While specific embodiments have been described in detail in the foregoing detailed to description and illustrated in the accompanying drawings, those with ordinary skill in the art will appreciate that various modifications and alternatives to those details could be developed in light of the overall teachings of the disclosure. It should be understood, that any reference herein to the term “or” is intended to mean an “inclusive or” or what is also known as a “logical OR”, wherein when used as a logic statement, the expression “A or B” is true if either A or B is true, or if both A and B are true, and when used as a list of elements, the expression “A, B or C” is intended to include all combinations of the elements recited in the expression, for example, any of the elements selected from the group consisting of A, B, C, (A, B), (A, C), (B, C), and (A, B, C); and so on if additional elements are listed.

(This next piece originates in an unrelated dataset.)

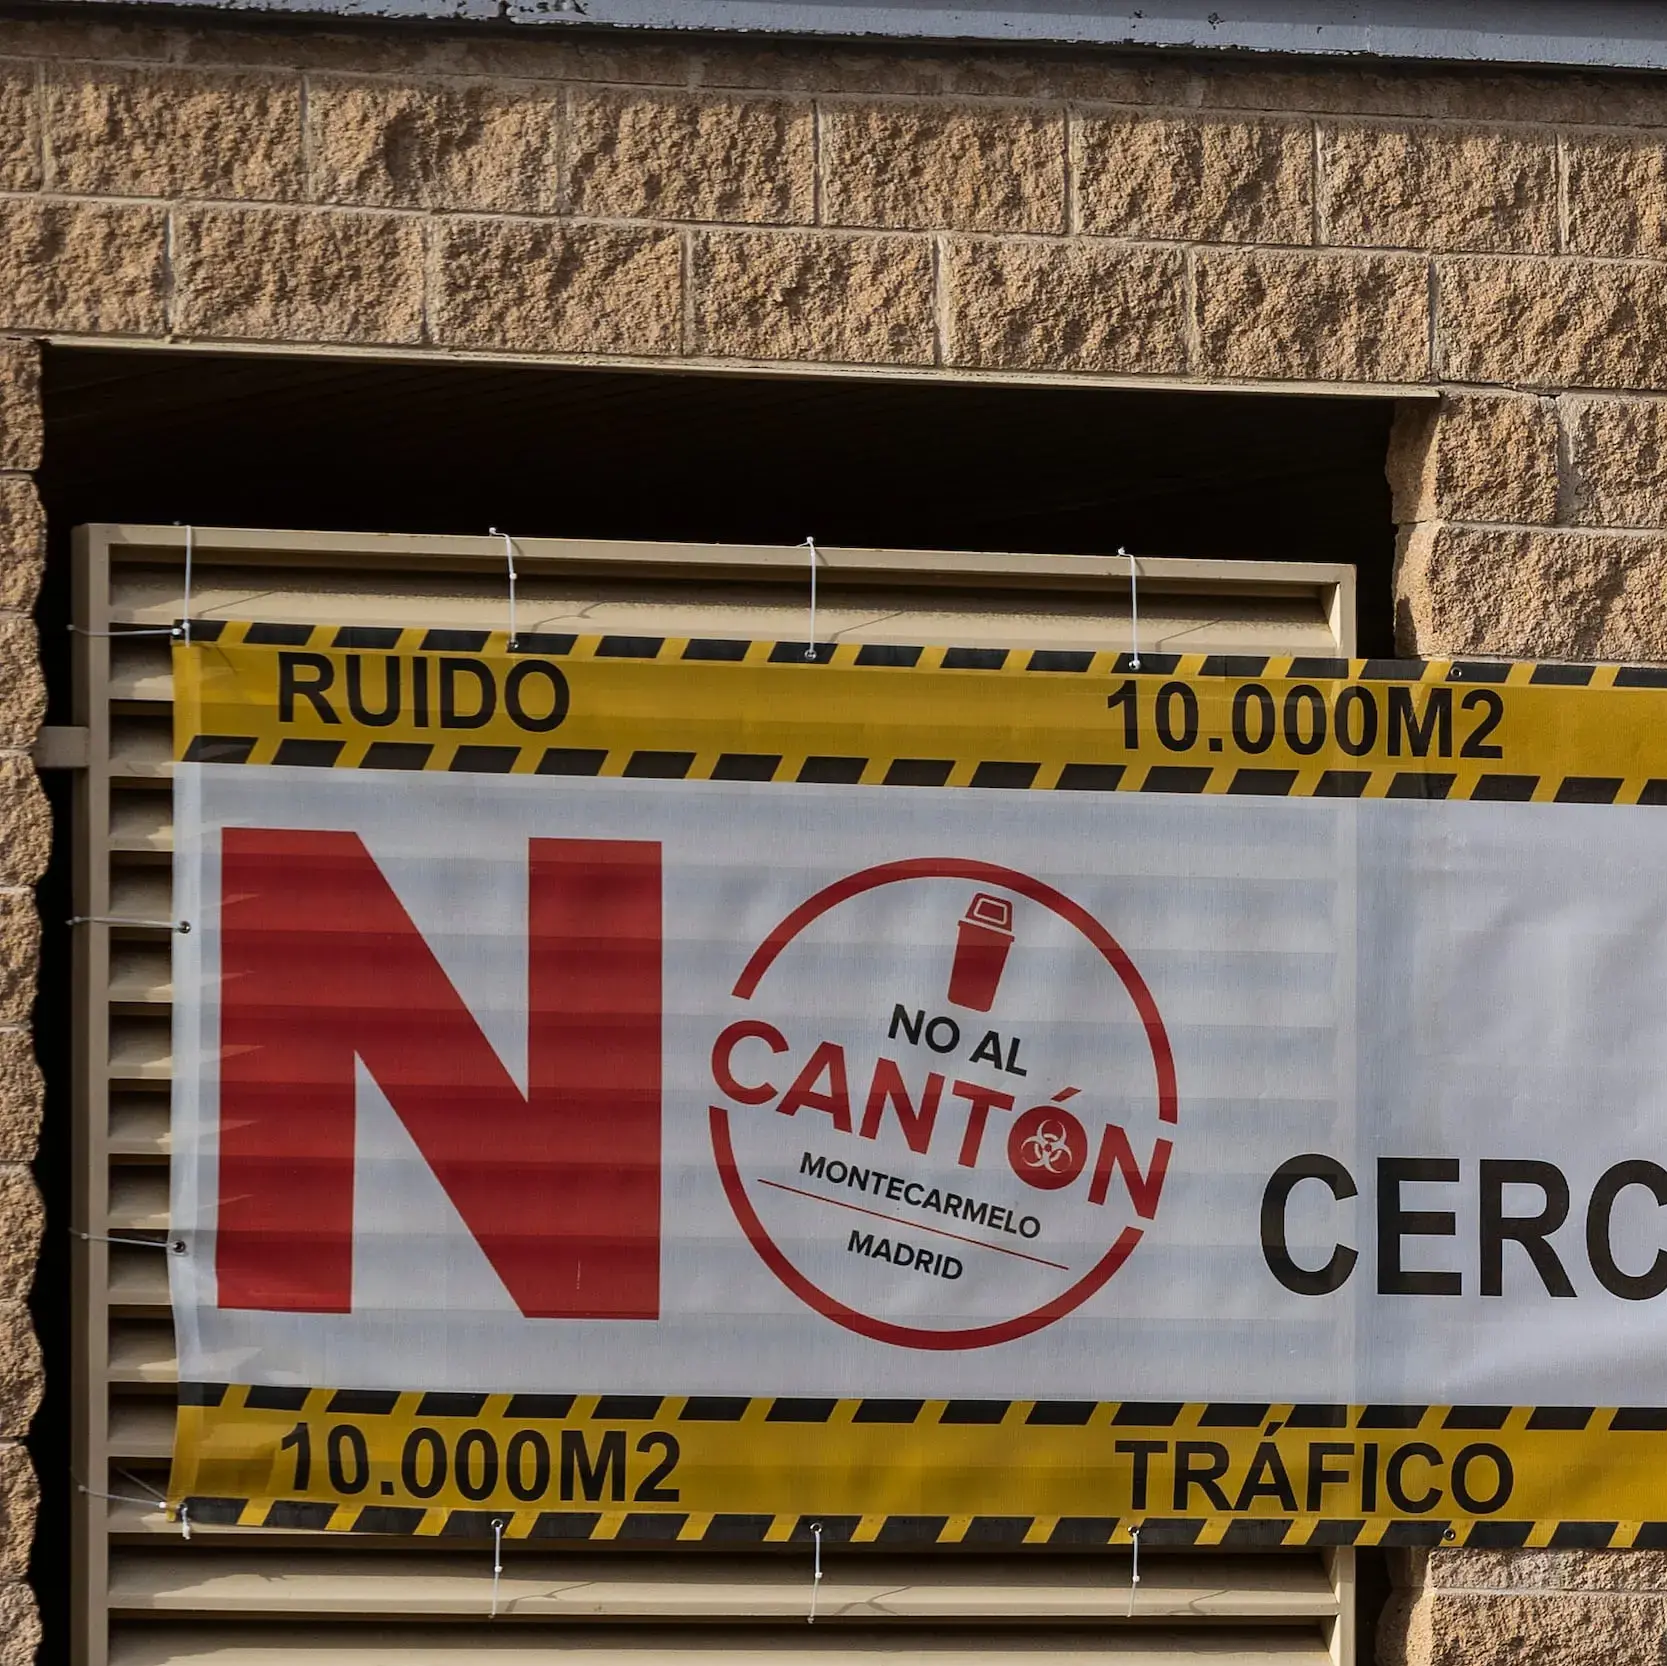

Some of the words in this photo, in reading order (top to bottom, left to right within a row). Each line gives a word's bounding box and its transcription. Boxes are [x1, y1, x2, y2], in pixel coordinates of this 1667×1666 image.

Furthermore, it should also be understood that the indefinite articles “a” or “an”, and the corresponding associated definite articles “the” or “said”, are each intended to mean one or more unless otherwise stated, implied, or physically impossible. Yet further, it should be understood that the expressions “at least one of A and B, etc.”, “at least one of A or B, etc.”, “selected from A and B, etc.” and “selected from A or B, etc.” are each intended to mean either any recited element individually or any combination of two or more elements, for example, any of the elements from the group consisting of “A”, “B”, and “A AND B together”, etc. Yet further, it should be understood that the expressions “one of A and B, etc.” and “one of A or B, etc.” are each intended to mean any of the recited elements individually alone, for example, either A alone or B alone, etc., but not A AND B together. Furthermore, it should also be understood that unless indicated otherwise or unless physically impossible, that the above-described embodiments and aspects can be used in combination with one another and are not mutually exclusive. Accordingly, the particular arrangements disclosed are meant to be illustrative only and not limiting as to the scope of the invention, which is to be given the full breadth of the appended claims, and any and all equivalents thereof.